Every drain fixture has a P-trap (or S-trap in older homes) — a U-shaped section of pipe that holds approximately 2 inches of standing water. This water seal blocks sewer gases (methane, hydrogen sulfide) from entering your living space through the drain opening. If you smell sewer gas from a rarely-used drain, run water for 30 seconds to refill the trap.
Vent Stack
The vent system equalizes air pressure and safely exhausts sewer gas above the roofline.
The vent pipe extends from the top of the soil stack through the roof, open to the atmosphere. Its purpose: equalize air pressure in the drain pipes. Without venting, draining water creates a vacuum that siphons water out of P-traps (breaking the gas seal) and slows drainage to a gurgling crawl. The vent also allows sewer gases to escape harmlessly above the roofline.

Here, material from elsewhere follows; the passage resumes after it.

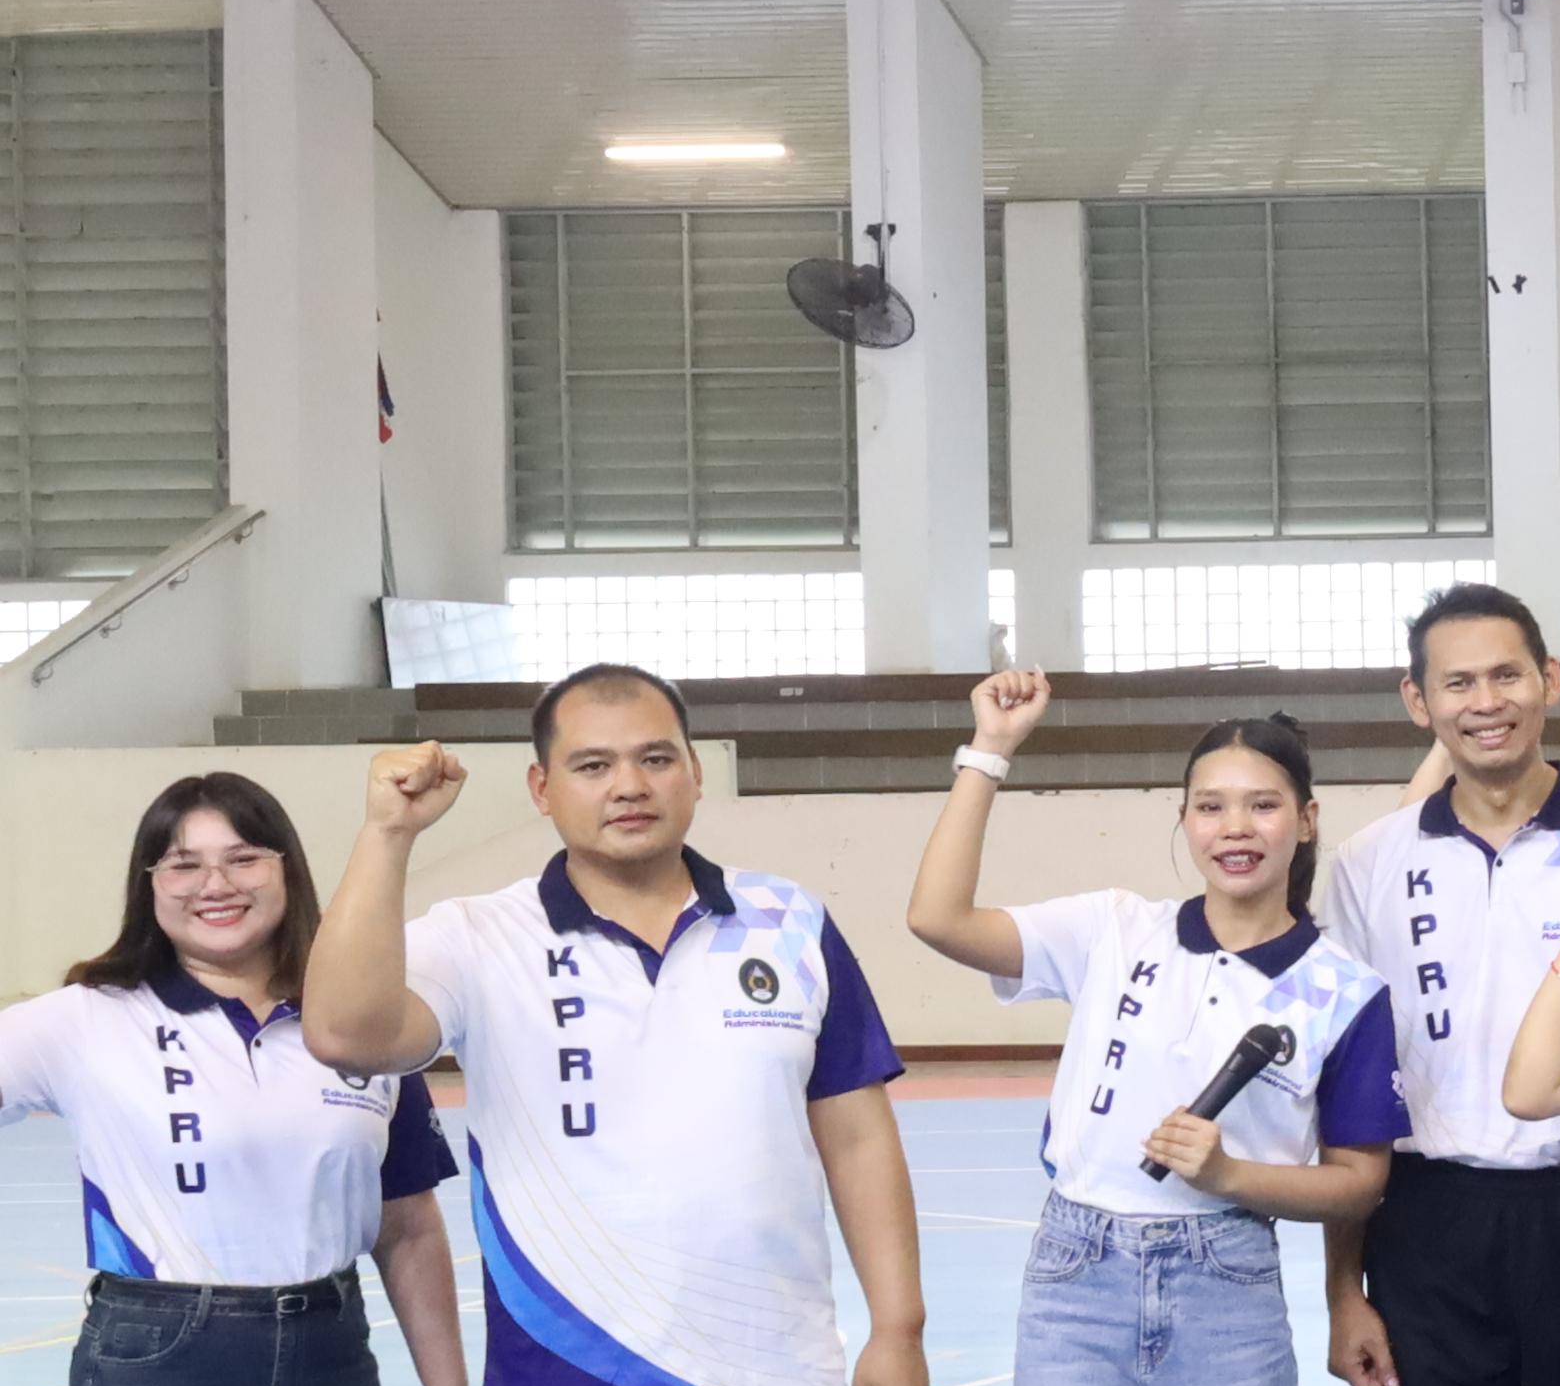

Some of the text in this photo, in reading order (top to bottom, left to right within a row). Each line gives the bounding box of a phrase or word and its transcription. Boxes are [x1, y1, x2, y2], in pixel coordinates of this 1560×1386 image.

What Types of Valves Are Used Throughout the System?
| Valve Type | Function | Where Used | Key Spec |
|---|---|---|---|
| Ball Valve | On/off isolation | Main shut-off, fixture stops, water heater inlet | Quarter-turn, Class VI zero leakage |
| Gate Valve | On/off isolation (legacy) | Older main shut-offs, fire sprinkler systems | Multi-turn, Class IV leakage |
| Check Valve | Prevent backflow | Sump pump discharge, irrigation tie-ins, boiler return | Swing or spring type, prevents reverse flow |
| TPR Valve | Safety relief | Water heater (temp > 210°F or pressure > 150 PSI) | ASME/ASSE 1002 rated |
| PRV (Pressure Reducing Valve) | Regulate incoming pressure | After main shut-off (if city pressure > 80 PSI) | Adjustable, typically set to 50-60 PSI |
Where Most Systems Fail (And How to Prevent It)
Insurance data shows water damage is the second most common homeowner claim in the U.S. Most failures aren't dramatic pipe bursts — they're slow, preventable failures at valve and connection points.
1. Pressure Issues
Municipal water pressure fluctuates between 40-100+ PSI. Pressure above 80 PSI accelerates wear on every connection, valve seat, and fixture in your system. Symptoms: dripping faucets, running toilets, water hammer noise, and premature appliance failure. Solution: Install a pressure reducing valve (PRV) after the main shut-off, set to 50-60 PSI.
2. Temperature Instability
A water heater without a functioning TPR valve or with a failed thermostat can overheat water to dangerous levels. Excessive temperature also accelerates pipe corrosion and scale buildup. Solution: Test the TPR valve annually (lift the lever — water should discharge and stop when released). Set the thermostat to 120°F (49°C) — hot enough to prevent Legionella bacteria, cool enough to reduce scalding risk and energy waste.
3. System Imbalance
Older homes with a mix of pipe materials (copper, galvanized steel, PEX) can develop galvanic corrosion at dissimilar-metal joints. Corroded gate valves that can't close. Partially blocked vent stacks that cause slow drains. Dried-out P-traps that let sewer gas in. These aren't one-time events — they're cumulative. Solution: Annual plumbing inspection with valve exercise (open/close every shut-off valve once a year to prevent seizure).